Art Talk: Artist William Villalongo and His Otherworld
William Villalongo

Art Talk: Artist William Villalongo and His Otherworld

For the second time around AMMO Magazine caught up with Brooklyn native artist William Villalongo to discuss his current exhibit, “Mind, Body & Soul,” at Susan Inglett Gallery (NYC) as well as his participation in the “Greater New York!” group show at the MoMA PS1.

What’s Your AMMO?

Before finishing this group of art works, I visited a good friend that lives just outside Jackson Hole, Wyoming. The Tetons just sit there looming majestically, dwarfing everything in existence. I’d never been to that part of the U.S. before. I did Yellowstone and a bunch of hiking. I felt like an ant and I loved it! It was definitely mind blowing and invigorating.

The last time we spoke to you was in 2010 and your work then featured women exposed in a similar way as this new body of work. What was the inspiration this time around?

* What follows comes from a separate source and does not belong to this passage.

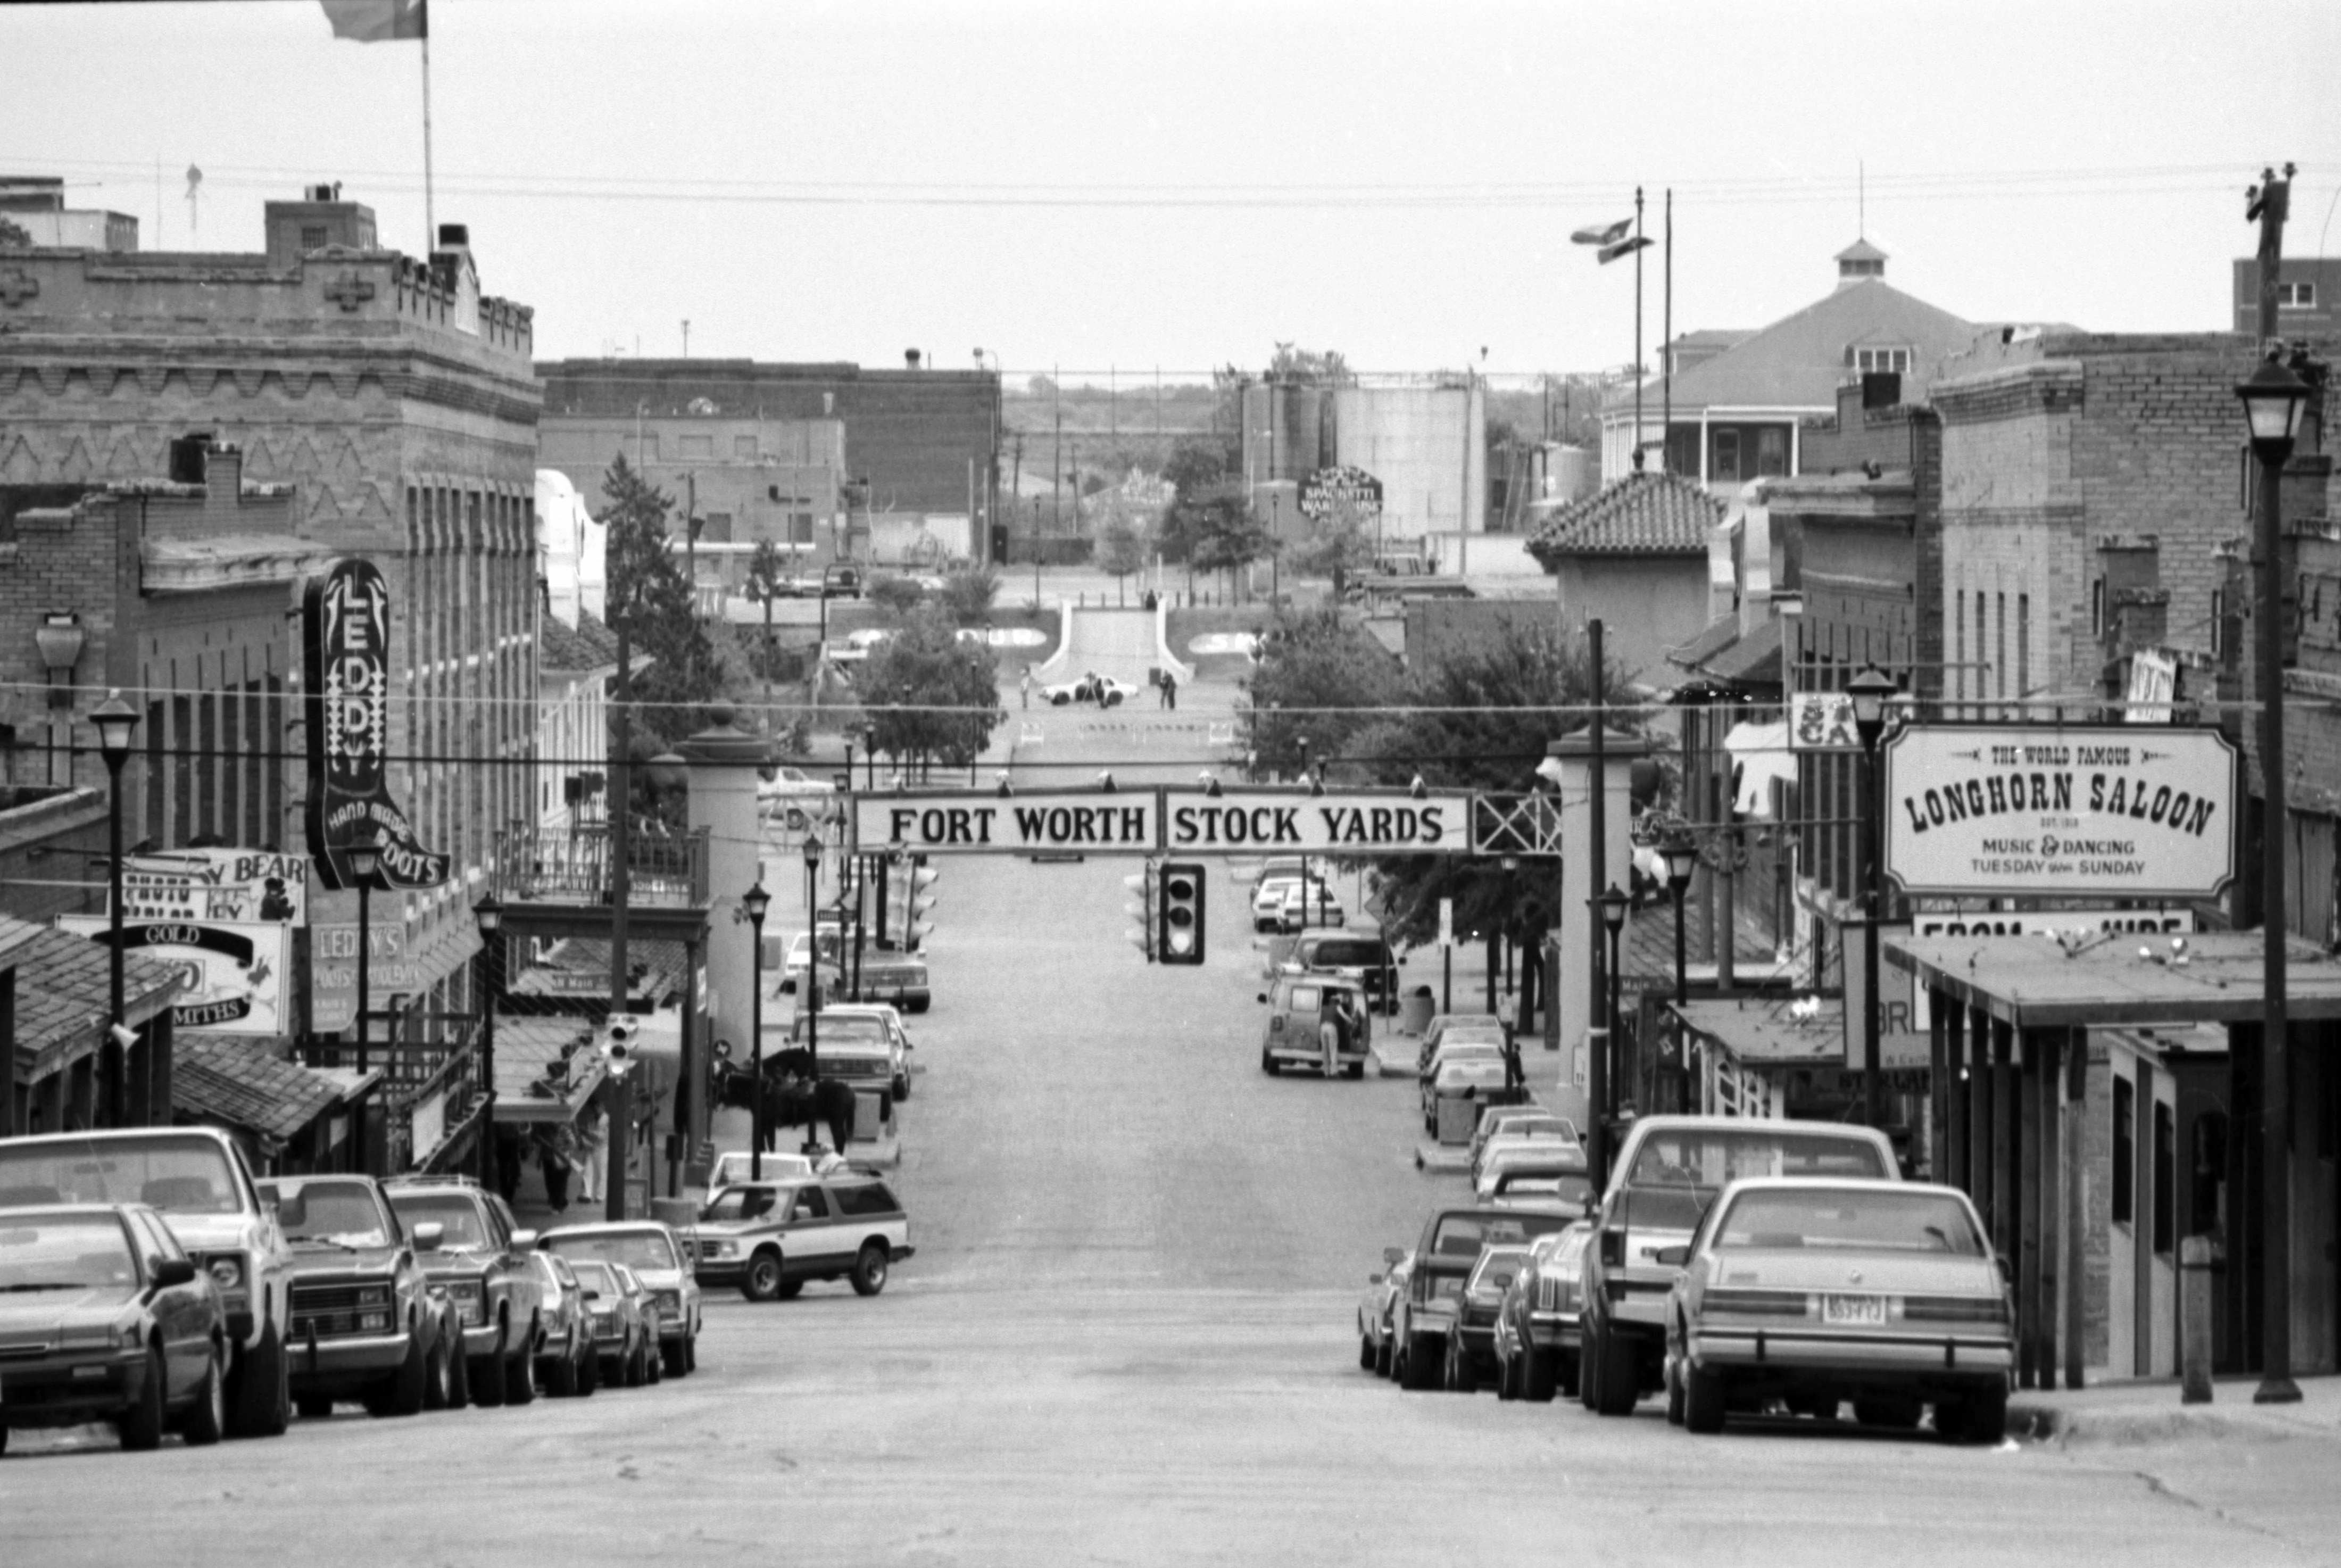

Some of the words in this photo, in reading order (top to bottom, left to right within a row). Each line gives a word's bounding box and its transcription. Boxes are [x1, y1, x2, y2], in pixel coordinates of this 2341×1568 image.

The language of “exposing” the female subject for me has the connotation of presenting her vulnerable, unprotected and docile, existing solely for the desire of a presumed male viewer. Indeed, this is the history of this painting genre, but my interest in it is not about further abuse to the female body. My figures are not people they are ideas. I don’t use live models. I have a sense of how the figures will engage in a painting and then I usually work from reproductions and my knowledge of human anatomy. My figures are rooted in a painting history and a painting fiction in order build narrative. This narrative is centered in a fictional society of mostly black women building their own world out of Abstract paintings and as abstract beings. The genre I’m speaking of is the Nymph or Siren in Romantic Period paintings, later of the “Odalisque” or “Bather” replaces the mythological stripping away her ancient narrative. It’s hard to miss one if you frequent museums, but advertising has long appropriated the genre as well. From Botticelli to Bey we are saturated with this kind of image. Historically these are paintings of white women. In Harem scenes, which were popular in 19th Century Painting, one might find a black woman or sister slaves as they have been referred to. A slave for a slave.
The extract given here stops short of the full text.